Chapitre 19
Quelle désillusion ! La confrontation des huit nominés n'aura rien apporté. Aucune discussion n'est possible avec Maxence et Ken, qui sont chacun dans leur genre, bien trop violents. Je n'ai pas pu avoir une conversation censée avec Gabriel et Clémence qui sont de plus en plus inaccessibles, perdus dans leurs délires de drogués. Je suis vraiment déçu de cette dernière, je ne l'imaginais pas ainsi. Ma sex-friend a bien caché son jeu, mais je comprends mieux ses sautes d'humeur des jours précédents et sa dispute avec Ken.

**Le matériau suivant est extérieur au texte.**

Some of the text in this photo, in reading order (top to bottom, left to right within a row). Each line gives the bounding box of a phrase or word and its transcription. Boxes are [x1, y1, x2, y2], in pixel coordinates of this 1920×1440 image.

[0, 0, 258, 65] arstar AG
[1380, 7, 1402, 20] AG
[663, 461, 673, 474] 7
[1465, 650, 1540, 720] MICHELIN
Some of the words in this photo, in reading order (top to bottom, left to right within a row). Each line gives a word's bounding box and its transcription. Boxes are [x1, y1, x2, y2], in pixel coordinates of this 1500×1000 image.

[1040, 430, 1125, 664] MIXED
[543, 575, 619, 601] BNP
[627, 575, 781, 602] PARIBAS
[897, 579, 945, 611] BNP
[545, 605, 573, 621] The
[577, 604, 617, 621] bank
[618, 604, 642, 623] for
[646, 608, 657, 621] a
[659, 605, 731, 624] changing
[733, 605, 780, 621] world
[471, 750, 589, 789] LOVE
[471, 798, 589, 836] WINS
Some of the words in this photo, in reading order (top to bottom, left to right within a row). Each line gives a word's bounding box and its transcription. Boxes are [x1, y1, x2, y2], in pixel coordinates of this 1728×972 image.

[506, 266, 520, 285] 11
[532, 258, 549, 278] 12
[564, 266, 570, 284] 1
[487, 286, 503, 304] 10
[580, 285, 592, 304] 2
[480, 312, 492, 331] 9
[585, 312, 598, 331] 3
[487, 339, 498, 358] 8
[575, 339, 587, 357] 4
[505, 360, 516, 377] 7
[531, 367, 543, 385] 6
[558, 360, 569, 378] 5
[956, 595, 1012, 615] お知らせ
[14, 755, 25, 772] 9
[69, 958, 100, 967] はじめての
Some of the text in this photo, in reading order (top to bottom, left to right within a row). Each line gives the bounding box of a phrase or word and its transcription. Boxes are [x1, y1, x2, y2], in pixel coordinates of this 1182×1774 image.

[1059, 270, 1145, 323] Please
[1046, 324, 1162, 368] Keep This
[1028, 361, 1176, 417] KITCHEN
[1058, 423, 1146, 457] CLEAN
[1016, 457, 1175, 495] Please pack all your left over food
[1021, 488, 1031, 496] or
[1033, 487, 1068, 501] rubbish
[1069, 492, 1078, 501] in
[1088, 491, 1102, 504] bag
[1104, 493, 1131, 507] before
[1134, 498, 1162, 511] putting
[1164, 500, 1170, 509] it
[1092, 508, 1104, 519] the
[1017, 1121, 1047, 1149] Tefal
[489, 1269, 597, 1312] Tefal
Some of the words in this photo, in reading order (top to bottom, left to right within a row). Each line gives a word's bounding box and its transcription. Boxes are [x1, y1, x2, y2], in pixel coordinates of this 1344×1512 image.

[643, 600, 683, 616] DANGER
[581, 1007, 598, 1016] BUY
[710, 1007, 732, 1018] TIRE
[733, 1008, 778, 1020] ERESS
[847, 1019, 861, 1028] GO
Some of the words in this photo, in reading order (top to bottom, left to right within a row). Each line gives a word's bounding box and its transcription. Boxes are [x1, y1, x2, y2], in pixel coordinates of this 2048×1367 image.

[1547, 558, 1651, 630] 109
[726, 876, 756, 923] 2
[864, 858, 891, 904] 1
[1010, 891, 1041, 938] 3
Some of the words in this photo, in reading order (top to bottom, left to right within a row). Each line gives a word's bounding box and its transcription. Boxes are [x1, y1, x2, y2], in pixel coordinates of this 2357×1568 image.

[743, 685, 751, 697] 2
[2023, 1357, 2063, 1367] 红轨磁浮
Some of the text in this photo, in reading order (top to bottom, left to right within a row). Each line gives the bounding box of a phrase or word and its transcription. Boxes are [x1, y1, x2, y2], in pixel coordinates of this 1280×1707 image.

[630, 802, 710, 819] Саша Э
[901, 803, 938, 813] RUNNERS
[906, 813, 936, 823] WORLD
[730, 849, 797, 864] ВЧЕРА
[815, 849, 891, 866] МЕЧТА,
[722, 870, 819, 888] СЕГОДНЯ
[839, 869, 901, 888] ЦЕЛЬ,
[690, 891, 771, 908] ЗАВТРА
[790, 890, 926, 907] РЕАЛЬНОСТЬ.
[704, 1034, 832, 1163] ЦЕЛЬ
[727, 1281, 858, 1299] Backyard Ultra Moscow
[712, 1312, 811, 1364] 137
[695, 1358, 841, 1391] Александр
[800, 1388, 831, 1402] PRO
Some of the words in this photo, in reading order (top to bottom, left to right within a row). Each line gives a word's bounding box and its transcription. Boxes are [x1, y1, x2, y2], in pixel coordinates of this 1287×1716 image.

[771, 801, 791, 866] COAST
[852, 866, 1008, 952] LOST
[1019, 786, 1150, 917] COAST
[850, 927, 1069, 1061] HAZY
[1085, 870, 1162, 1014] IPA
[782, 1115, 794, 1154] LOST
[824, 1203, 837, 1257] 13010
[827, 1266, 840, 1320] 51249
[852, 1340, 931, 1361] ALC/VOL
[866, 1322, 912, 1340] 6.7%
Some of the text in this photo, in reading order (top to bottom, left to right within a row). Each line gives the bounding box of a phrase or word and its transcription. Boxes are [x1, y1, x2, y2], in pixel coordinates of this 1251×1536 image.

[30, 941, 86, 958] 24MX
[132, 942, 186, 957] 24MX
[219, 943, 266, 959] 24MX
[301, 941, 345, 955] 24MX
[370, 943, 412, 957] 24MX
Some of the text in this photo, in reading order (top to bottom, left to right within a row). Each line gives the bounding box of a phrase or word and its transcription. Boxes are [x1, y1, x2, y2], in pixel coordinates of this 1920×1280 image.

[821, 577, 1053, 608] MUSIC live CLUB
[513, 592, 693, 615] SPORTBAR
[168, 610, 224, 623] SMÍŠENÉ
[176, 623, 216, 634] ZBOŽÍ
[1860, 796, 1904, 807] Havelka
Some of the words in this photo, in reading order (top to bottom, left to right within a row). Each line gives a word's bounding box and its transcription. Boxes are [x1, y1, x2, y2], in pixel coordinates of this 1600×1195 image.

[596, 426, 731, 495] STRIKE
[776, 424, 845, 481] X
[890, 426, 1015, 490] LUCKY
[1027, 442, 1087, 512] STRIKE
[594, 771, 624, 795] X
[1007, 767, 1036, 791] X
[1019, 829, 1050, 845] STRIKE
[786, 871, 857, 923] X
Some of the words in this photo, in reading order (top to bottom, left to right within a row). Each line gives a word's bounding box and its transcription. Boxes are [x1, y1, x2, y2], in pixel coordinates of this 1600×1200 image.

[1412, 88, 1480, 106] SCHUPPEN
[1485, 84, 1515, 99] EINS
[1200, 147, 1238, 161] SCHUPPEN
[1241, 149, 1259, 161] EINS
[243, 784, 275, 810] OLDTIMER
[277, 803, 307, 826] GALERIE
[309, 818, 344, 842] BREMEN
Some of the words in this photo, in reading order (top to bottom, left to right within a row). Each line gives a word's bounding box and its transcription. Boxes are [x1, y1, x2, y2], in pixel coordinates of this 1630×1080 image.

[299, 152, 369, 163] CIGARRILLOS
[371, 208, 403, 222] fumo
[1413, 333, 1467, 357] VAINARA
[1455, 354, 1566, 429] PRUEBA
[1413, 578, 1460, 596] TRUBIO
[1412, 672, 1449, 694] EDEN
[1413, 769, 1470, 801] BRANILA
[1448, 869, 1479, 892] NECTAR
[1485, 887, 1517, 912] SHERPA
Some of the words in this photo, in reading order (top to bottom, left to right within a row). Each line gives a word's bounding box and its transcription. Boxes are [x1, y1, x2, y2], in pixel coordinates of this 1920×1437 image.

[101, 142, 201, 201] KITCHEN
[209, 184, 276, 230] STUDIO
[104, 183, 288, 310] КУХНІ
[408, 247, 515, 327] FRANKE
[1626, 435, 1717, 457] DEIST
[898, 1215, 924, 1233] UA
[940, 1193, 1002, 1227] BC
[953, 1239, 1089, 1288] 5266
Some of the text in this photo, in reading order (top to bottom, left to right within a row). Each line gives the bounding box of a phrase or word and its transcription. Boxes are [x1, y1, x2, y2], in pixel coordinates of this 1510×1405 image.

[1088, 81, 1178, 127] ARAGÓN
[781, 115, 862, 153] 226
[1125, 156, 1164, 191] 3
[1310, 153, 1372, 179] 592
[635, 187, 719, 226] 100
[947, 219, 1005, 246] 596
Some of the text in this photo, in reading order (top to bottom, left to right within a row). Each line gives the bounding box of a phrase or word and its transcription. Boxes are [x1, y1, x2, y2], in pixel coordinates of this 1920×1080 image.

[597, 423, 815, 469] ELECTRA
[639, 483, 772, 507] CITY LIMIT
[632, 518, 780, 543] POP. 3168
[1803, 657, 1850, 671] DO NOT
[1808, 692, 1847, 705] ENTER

Je vois parfaitement à quoi tient leur relation et je ne souhaite plus m'en mêler.
De son côté, Romane est obnubilée par le procès dans lequel elle est en train de se lancer. Elle veut faire payer à Maxence son humiliation et, poussée par ses parents, elle ne lâchera pas l'affaire.
Fleur est absente, toujours dans la lune. Tantôt terriblement triste et affligée que son bien-aimé l'ait quittée, tantôt affolée d'être enceinte. Elle vogue dans ses songes, ne réalisant pas vraiment ce qu'il lui arrive.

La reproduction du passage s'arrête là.